** WORK ORDER **
Every record needs to be repeated exactly; its pictures do not.

_ _ _ _

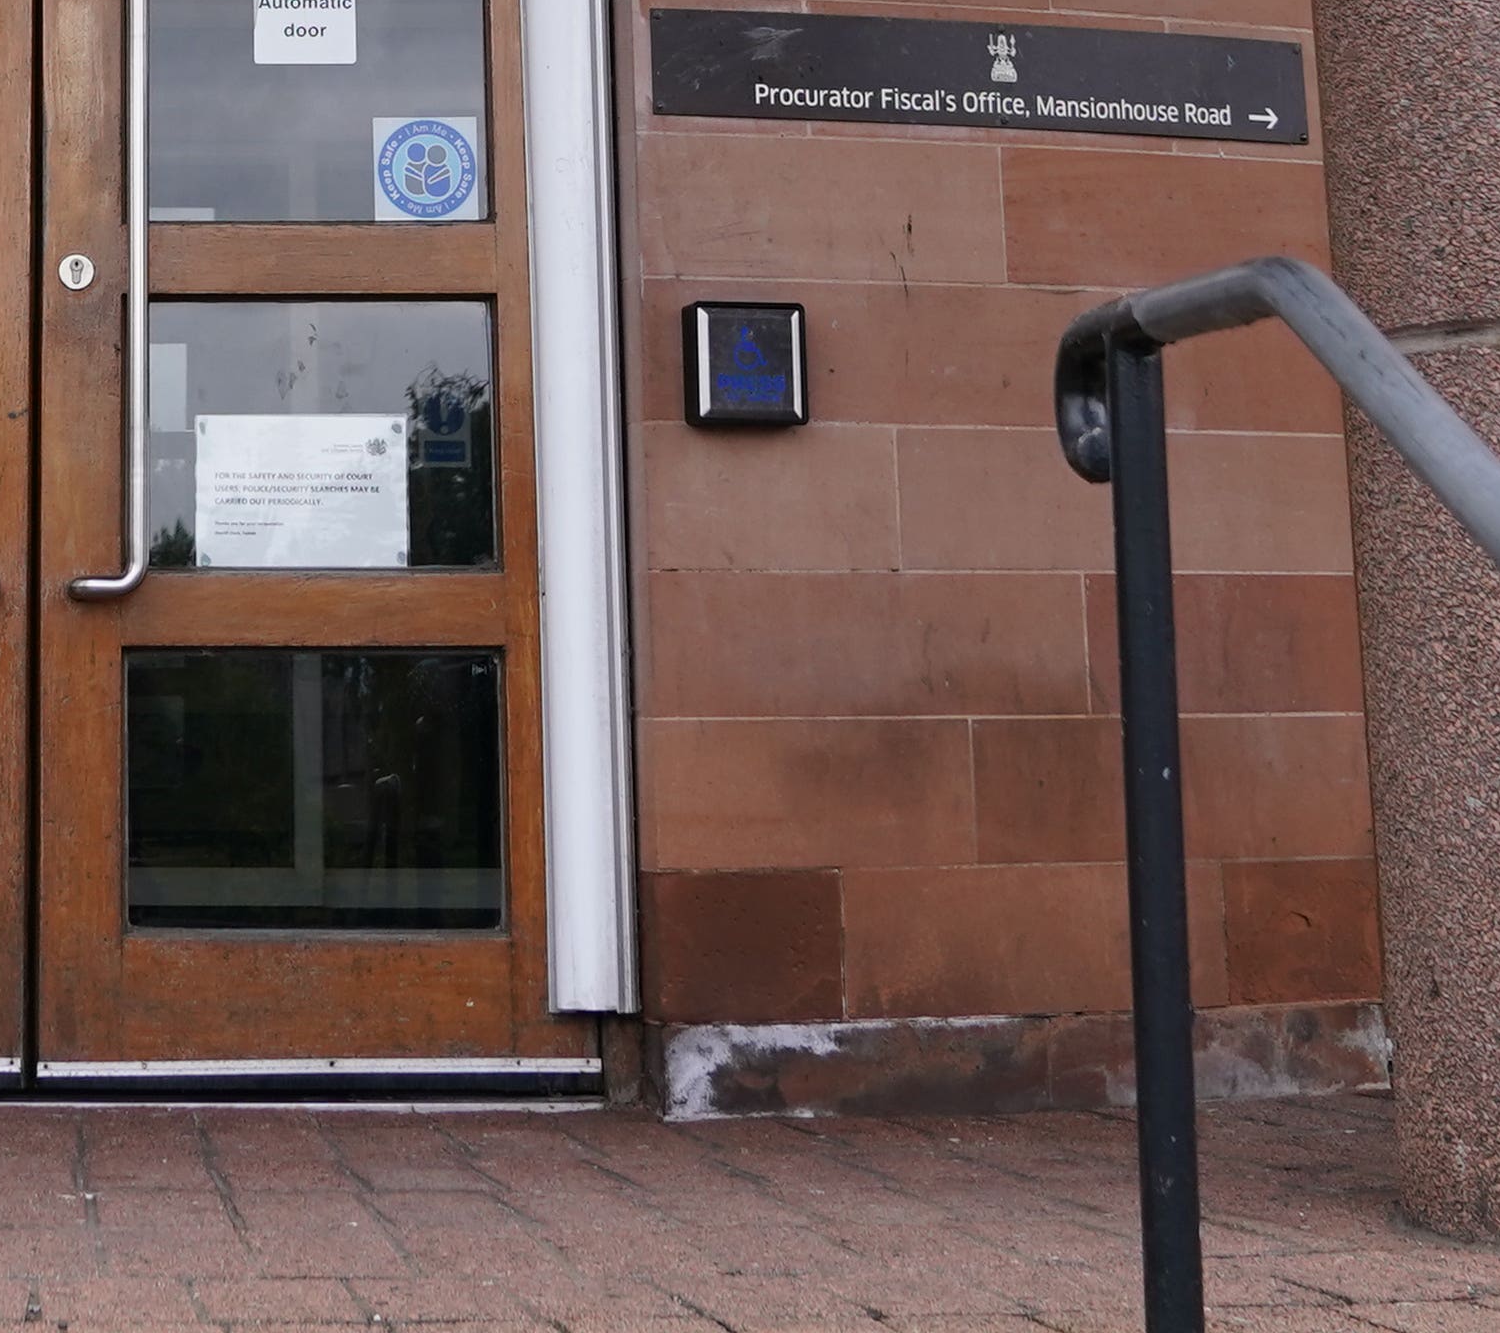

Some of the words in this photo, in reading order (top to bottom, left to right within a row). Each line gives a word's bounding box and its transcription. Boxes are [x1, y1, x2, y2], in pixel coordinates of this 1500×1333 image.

[283, 21, 327, 39] door
[755, 83, 873, 108] Procurator
[881, 88, 957, 112] Fiscal's
[962, 92, 1030, 118] Office,
[1036, 95, 1179, 123] Mansionhouse
[1185, 103, 1231, 126] Road
[412, 125, 428, 133] Am
[431, 124, 448, 136] Me
[381, 140, 399, 166] Safe
[454, 138, 470, 169] Keep
[383, 170, 400, 201] Keep
[454, 173, 472, 199] Safe
[215, 472, 230, 480] FOR
[232, 472, 246, 480] THE
[249, 472, 277, 480] SAFETY
[277, 472, 295, 480] AND
[296, 472, 332, 480] SECURITY
[346, 473, 373, 481] COURT
[310, 485, 349, 493] SEARCHES
[350, 486, 369, 494] MAY
[370, 486, 380, 494] BE
[214, 497, 248, 506] CARRIED
[249, 497, 266, 506] OUT

_ _ _ _

** EXERCISE SOLUTION **
Some of the words in this photo, in reading order (top to bottom, left to right within a row). Each line gives a word's bounding box and its transcription. Boxes are [x1, y1, x2, y2], in pixel coordinates of this 1500×1333 image.

[283, 21, 327, 39] door
[755, 83, 873, 108] Procurator
[881, 88, 957, 112] Fiscal's
[962, 92, 1030, 118] Office,
[1036, 95, 1179, 123] Mansionhouse
[1185, 103, 1231, 126] Road
[412, 125, 428, 133] Am
[431, 124, 448, 136] Me
[381, 140, 399, 166] Safe
[454, 138, 470, 169] Keep
[383, 170, 400, 201] Keep
[454, 173, 472, 199] Safe
[215, 472, 230, 480] FOR
[232, 472, 246, 480] THE
[249, 472, 277, 480] SAFETY
[277, 472, 295, 480] AND
[296, 472, 332, 480] SECURITY
[346, 473, 373, 481] COURT
[310, 485, 349, 493] SEARCHES
[350, 486, 369, 494] MAY
[370, 486, 380, 494] BE
[214, 497, 248, 506] CARRIED
[249, 497, 266, 506] OUT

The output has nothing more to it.